Hibernate and JDBC in one transaction

I have a method, marked as #Transactional.
It consists of several functions, one of them uses JDBC and the second one - Hibernate, third - JDBC.
The problem is that changes, made by Hibernate function are not visible in the last functions, that works with JDBC.
#Transactional
void update() {
jdbcUpdate1();
hibernateupdate1();
jdbcUpdate2(); // results of hibernateupdate1() are not visible here
}
All functions are configured to use the same datasource:
<bean id="myDataSource" class="org.springframework.jdbc.datasource.TransactionAwareDataSourceProxy">
<property name="targetDataSource" ref="targetDataSource"/>
</bean>
<bean id="targetDataSource" class="org.apache.commons.dbcp.BasicDataSource"

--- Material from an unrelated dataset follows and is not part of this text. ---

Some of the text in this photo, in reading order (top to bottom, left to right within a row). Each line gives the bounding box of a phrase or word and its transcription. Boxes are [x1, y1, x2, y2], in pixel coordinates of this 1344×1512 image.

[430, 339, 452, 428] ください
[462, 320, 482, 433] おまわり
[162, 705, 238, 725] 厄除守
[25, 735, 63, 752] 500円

destroy-method="close" lazy-init="true" scope="singleton">
<!-- settings here -->
</bean>
myDataSource bean is used in the code. myDataSource.getConnection() is used to work with connections in jdbc functions and
getHibernateTemplate().execute(new HibernateCallback() {
public Object doInHibernate(Session session) throws HibernateException, SQLException {
...
}
});
is used in hibernate function.
Thanks.
First, avoid using JDBC when using hibernate.
Then, if you really need it, use to Session.doWork(..). If your hibernate version does not yet have this method, obtain the Connection from session.connection().

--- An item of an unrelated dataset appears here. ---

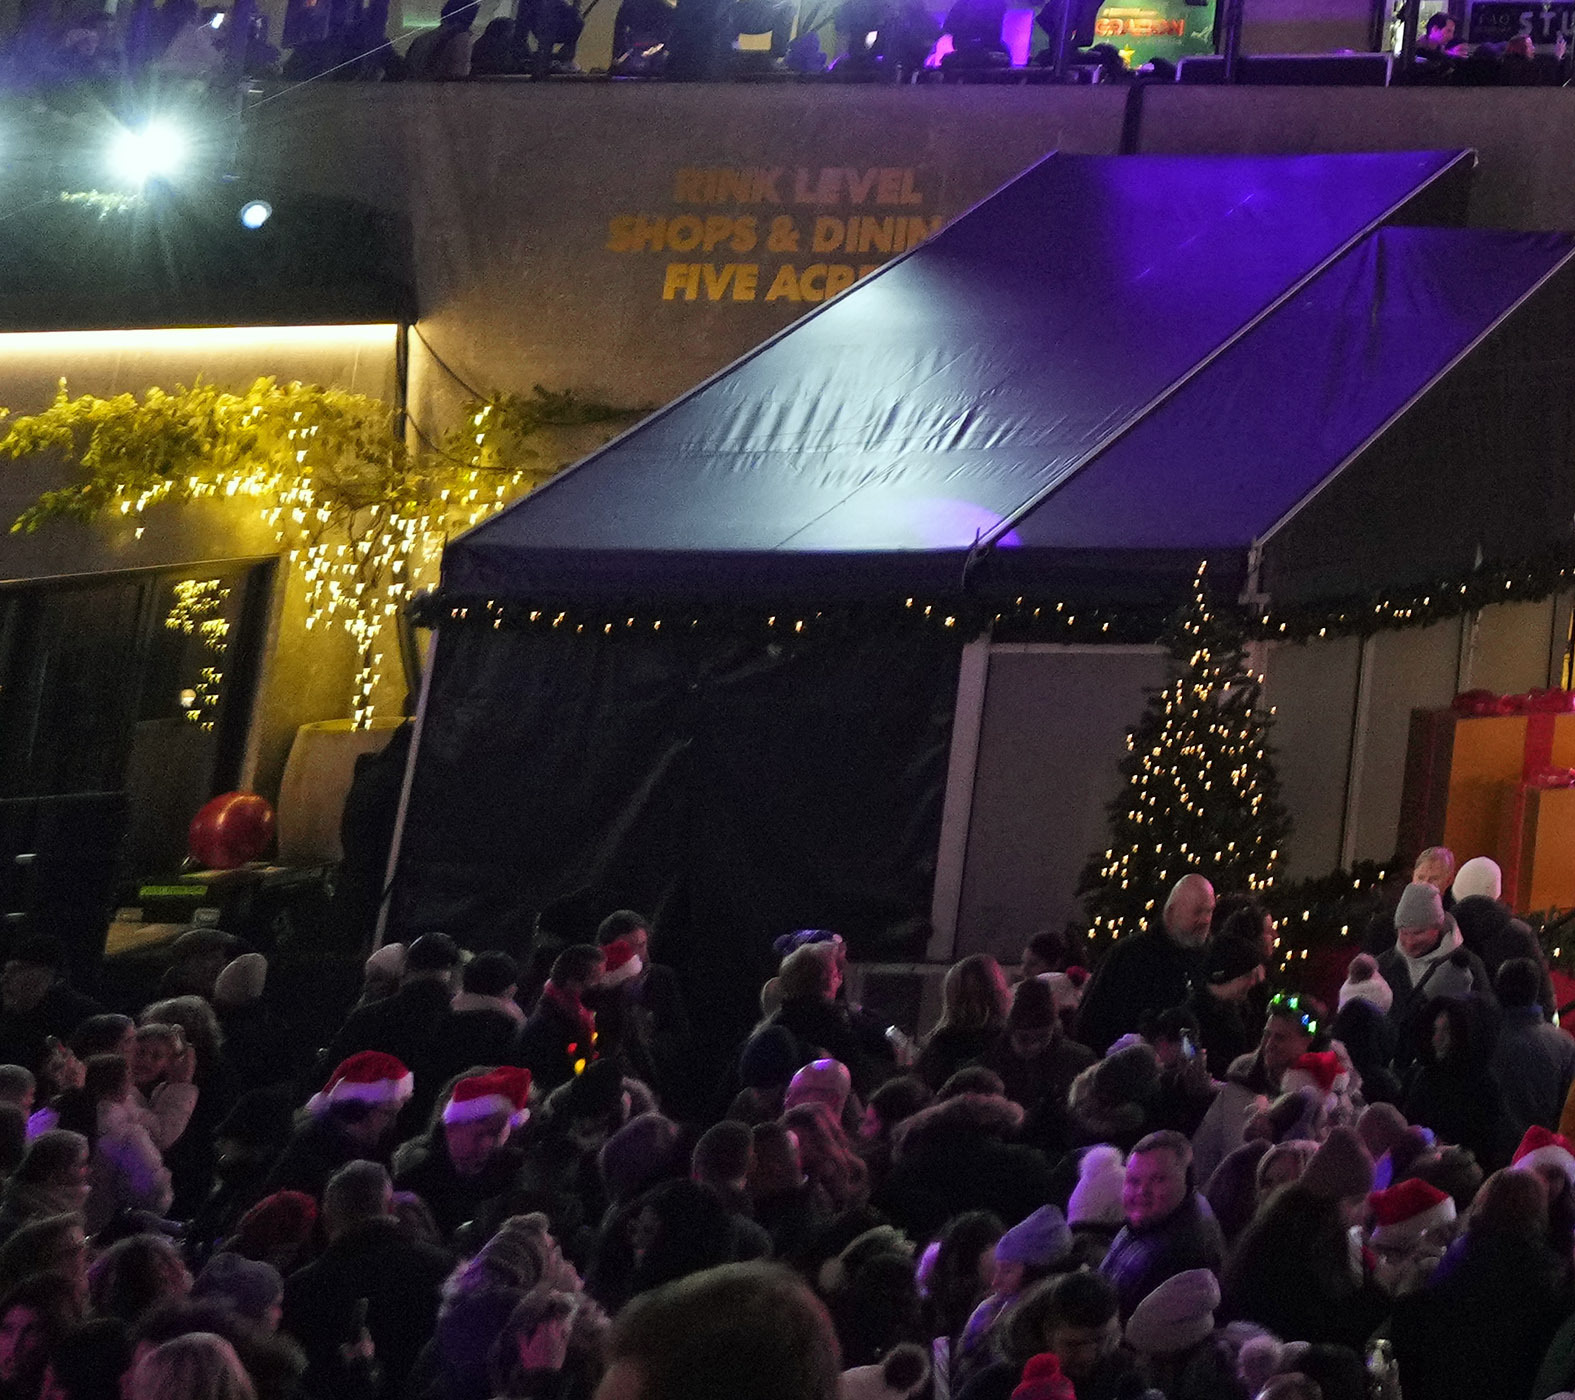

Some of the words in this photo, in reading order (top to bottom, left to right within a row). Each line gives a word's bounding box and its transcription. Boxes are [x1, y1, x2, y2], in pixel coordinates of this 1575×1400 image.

You can use JDBC and Hibernate in the same transaction if you use the right Spring setup:
<bean id="sessionFactory" class="org.springframework.orm.hibernate3.LocalSessionFactoryBean">
<property name="dataSource" ref="dataSource"/>
</bean>
<bean id="transactionManager" class="org.springframework.orm.hibernate3.HibernateTransactionManager">
<property name="sessionFactory" ref="sessionFactory"/>
</bean>
<bean id="myDao" class="org.springframework.transaction.interceptor.TransactionProxyFactoryBean">
<property name="transactionManager" ref="transactionManager"/>
<property name="target">
<bean class="MyDaoImpl">
<property name="dataSource" ref="dataSource"/>
<property name="sessionFactory" ref="sessionFactory"/>
</bean>
</property>
<property name="transactionAttributes">
<props>
<prop key="get*">PROPAGATION_SUPPORTS,readOnly</prop>
<prop key="*">PROPAGATION_REQUIRED</prop>
</props>
</property>
</bean>
This assumes that the JDBC portion of your DAO uses JdbcTemplate. If it doesn't you have a few options:
Use DataSourceUtils.getConnection(javax.sql.DataSource) to get a connection
Wrap the DataSource you pass to your DAO (but not necessarily the one you pass to the SessionFactory) with a TransactionAwareDataSourceProxy
The latter is preferred since it hidse the DataSourceUtils.getConnection inside the proxy datasource.

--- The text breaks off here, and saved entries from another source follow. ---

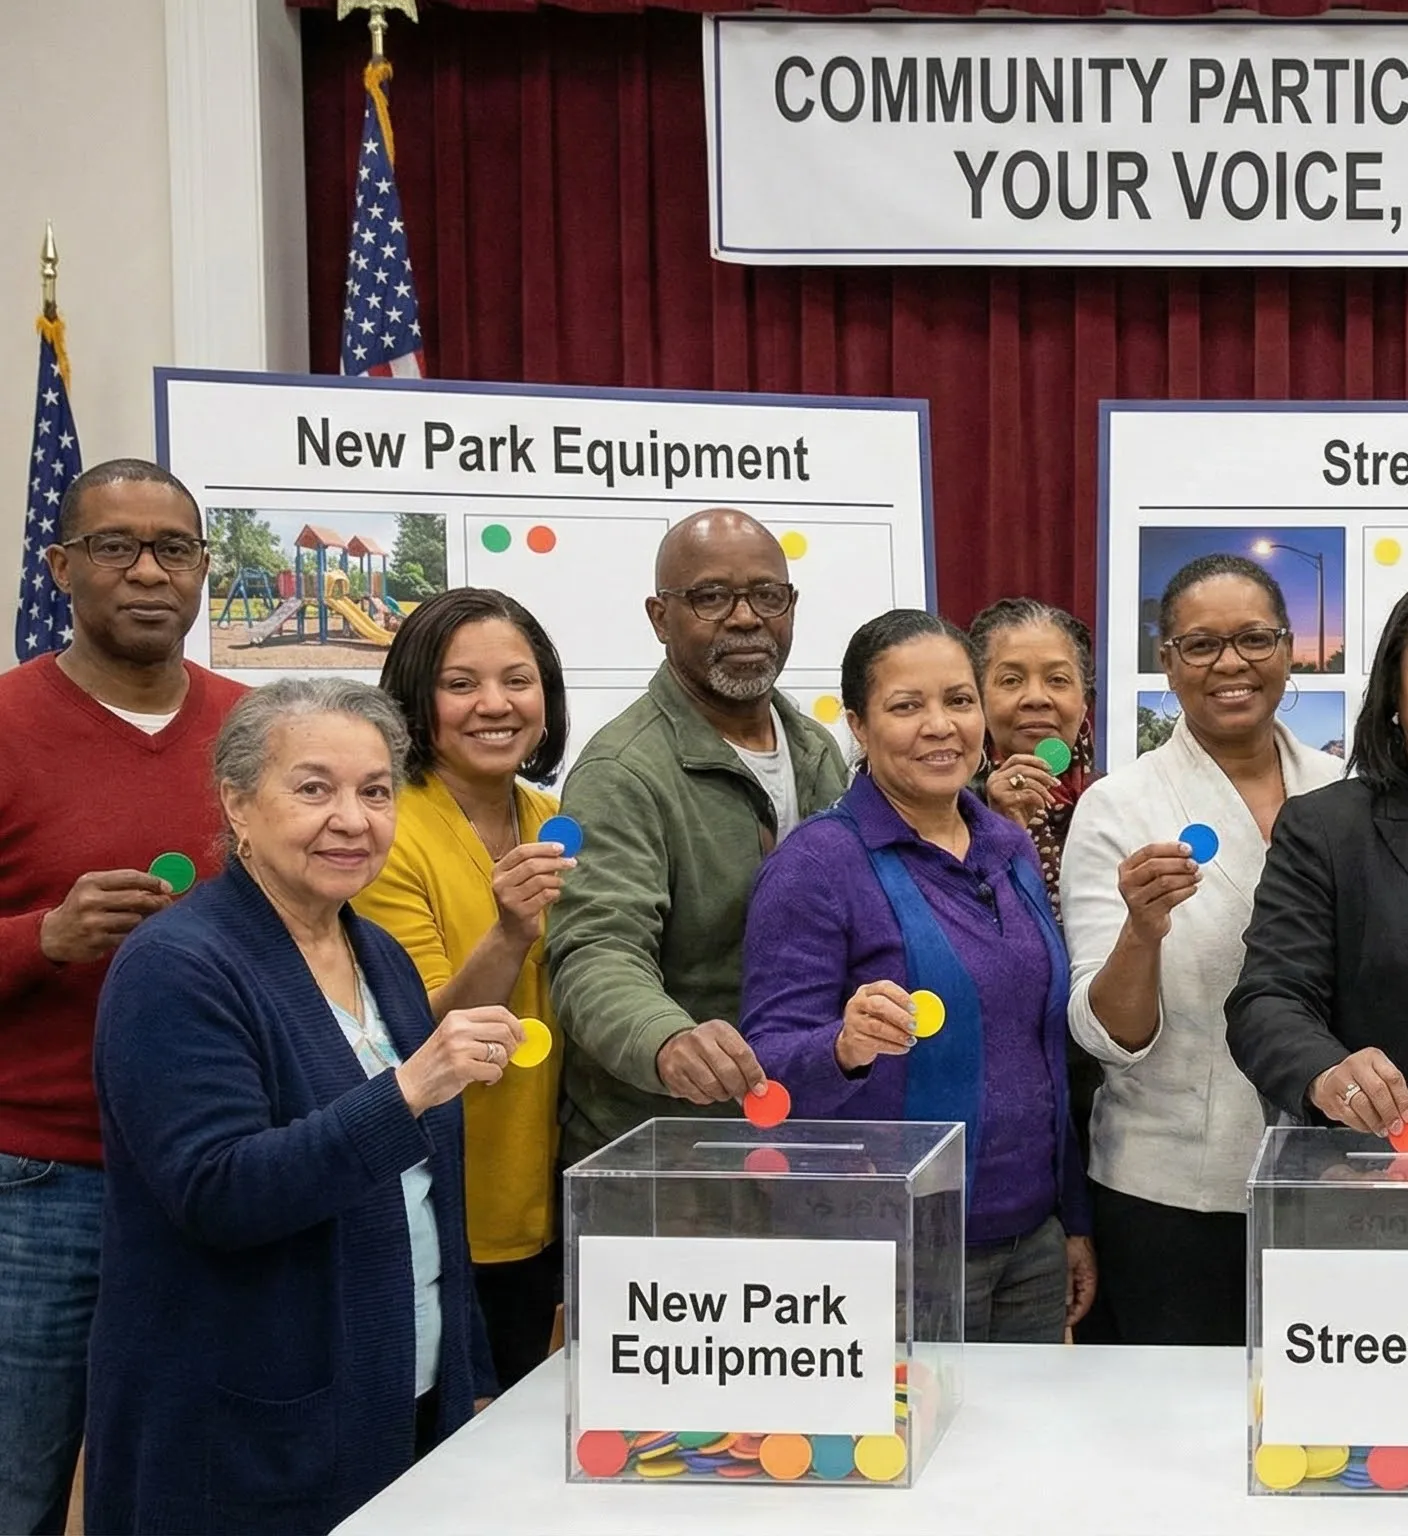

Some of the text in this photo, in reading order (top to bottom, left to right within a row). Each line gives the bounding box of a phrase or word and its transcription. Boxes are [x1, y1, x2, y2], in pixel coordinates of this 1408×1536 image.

[774, 55, 1168, 125] COMMUNITY
[953, 149, 1152, 221] YOUR
[1171, 150, 1402, 234] VOICE,
[297, 416, 811, 490] New Park Equipment
[628, 1281, 847, 1325] New Park
[612, 1334, 863, 1386] Equipment

This is of course the XML path, it should be easy to convert this to annotation based.
The problem is, the operations on Hibernate engine does not result in immediate SQL execution. You can trigger it manually calling flush on Hibernate session. Then the changes made in hibernate will be visible to the SQL code within the same transaction. As long as you do DataSourceUtils.getConnection to get SQL connection, because only then you'll have them run in the same transaction...
In the opposite direction, this is more tricky, because you have 1nd level cache (session cache), and possibly also 2nd level cache. With 2nd level cache all changes made to database will be invisible to the Hibernate, if the row is cached, until the cache expires.